Now that Spring is here we are trying to find new, fresh ingredients to start experimenting with! Our love for quinoa is quite apparent in the amount of times we use it, but it is seriously one of the most versatile and nutrient dense foods we cook with. This dish has a great balance of protein, fat and carbs that will keep you full and energized as you go throughout your day.  The chopped basil gives the quinoa that fresh taste and the lemon compliments it perfectly. Try making this quinoa salad as a side dish or eat it for lunch as your main course. For an even tastier and more nutritious meal, try adding chopped avocado on top(highly recommend). Hope you enjoy!
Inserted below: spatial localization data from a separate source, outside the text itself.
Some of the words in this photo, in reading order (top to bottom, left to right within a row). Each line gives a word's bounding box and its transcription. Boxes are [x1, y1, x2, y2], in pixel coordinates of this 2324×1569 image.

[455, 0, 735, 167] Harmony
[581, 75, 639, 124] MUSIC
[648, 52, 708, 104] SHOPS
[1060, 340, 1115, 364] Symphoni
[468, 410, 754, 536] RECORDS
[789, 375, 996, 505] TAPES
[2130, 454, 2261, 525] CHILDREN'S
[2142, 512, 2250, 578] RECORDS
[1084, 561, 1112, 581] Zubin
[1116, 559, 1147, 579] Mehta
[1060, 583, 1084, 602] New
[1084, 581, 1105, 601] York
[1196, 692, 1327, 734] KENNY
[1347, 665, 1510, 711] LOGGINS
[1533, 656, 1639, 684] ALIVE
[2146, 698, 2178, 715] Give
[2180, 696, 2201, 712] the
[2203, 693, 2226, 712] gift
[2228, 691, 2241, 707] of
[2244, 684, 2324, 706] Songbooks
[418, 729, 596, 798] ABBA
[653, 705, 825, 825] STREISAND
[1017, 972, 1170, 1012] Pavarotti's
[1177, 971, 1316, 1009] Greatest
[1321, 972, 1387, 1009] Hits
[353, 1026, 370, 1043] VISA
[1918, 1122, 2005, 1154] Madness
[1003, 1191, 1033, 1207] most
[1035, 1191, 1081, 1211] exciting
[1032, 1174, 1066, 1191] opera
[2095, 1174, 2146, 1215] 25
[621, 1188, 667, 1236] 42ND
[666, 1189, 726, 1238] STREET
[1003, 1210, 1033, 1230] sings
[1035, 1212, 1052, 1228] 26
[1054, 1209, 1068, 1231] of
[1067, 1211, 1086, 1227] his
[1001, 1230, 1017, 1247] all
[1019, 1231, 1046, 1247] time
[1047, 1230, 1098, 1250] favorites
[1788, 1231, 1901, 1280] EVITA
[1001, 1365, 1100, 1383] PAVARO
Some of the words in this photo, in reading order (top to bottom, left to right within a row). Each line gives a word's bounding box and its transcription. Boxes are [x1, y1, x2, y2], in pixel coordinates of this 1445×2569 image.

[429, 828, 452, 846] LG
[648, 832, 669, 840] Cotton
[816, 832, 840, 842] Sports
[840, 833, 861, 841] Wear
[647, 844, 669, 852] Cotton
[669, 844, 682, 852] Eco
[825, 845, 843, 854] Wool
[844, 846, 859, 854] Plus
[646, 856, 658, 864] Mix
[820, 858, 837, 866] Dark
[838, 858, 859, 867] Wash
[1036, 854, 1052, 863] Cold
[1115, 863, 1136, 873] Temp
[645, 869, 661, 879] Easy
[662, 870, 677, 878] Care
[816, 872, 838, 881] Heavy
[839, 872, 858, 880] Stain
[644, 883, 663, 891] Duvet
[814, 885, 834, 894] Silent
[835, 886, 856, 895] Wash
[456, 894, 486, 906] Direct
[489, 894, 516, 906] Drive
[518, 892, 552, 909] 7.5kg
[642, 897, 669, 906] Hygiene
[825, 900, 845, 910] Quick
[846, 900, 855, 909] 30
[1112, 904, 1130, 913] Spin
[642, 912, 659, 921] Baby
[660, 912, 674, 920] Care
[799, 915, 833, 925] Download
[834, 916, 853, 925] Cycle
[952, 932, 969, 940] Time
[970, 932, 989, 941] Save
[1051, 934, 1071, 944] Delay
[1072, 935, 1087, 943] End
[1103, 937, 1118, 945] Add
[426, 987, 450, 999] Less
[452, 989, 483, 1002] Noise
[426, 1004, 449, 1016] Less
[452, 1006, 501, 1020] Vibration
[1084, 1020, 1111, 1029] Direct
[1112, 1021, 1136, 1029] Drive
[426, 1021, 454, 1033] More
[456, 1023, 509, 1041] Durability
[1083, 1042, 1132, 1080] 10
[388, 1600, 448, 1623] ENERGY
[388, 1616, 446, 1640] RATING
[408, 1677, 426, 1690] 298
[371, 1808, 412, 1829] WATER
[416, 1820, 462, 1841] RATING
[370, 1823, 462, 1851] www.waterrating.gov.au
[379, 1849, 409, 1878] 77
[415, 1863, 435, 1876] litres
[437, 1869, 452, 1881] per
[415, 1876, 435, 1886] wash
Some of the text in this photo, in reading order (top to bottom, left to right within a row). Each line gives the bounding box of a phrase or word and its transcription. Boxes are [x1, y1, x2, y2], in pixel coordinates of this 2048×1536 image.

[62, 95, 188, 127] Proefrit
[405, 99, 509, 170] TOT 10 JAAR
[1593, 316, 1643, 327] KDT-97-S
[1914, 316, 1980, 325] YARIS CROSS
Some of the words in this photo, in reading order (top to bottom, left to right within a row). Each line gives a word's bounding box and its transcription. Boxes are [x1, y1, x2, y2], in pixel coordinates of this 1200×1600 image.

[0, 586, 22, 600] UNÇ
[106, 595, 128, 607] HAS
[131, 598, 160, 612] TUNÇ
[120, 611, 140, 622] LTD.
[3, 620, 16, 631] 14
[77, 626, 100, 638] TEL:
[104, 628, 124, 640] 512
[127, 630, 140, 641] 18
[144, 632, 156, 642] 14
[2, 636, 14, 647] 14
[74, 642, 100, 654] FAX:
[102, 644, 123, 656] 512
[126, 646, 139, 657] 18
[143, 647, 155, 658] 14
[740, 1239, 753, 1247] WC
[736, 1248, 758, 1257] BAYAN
  • 3 tablespoons olive oil
  • 3 tablespoons fresh lemon juice ( 1 1/2 lemons)
  • 1 teaspoon honey
  • 1 clove garlic, minced
  • 1 tablespoon finely chopped fresh basil
  • Salt and freshly ground black pepper, to taste


  • 1 cup cooked quinoa
  • 1 tablespoon of olive oil
  • 1 small bunch asparagus, cut into 1-inch pieces
  • 1 tablespoon fresh lemon juice ( 1/2 of a lemon)
  • 1 cup frozen edamame
  • ¼ cup of slivered almonds
  • Salt and freshly ground black pepper, to taste
  • 1/4 cup chopped basil

*Optional: Chopped avocado


  1. In a small bowl combine the dressing ingredients. Whisk to combine and set aside.
  2. Cook quinoa according to package
  3. In a large skillet, heat the olive oil over medium heat. Add the asparagus and fresh lemon juice. Cook until tender, about 5 minutes. Stir in the edamame and cook for an additional 2-3 minutes.
  4. Finally, in a large bowl combine the quinoa, asparagus, edamame and almonds. Pour the dressing over the salad and mix well. Season with salt and pepper.
  5. Stir in the fresh basil and *avocado and serve!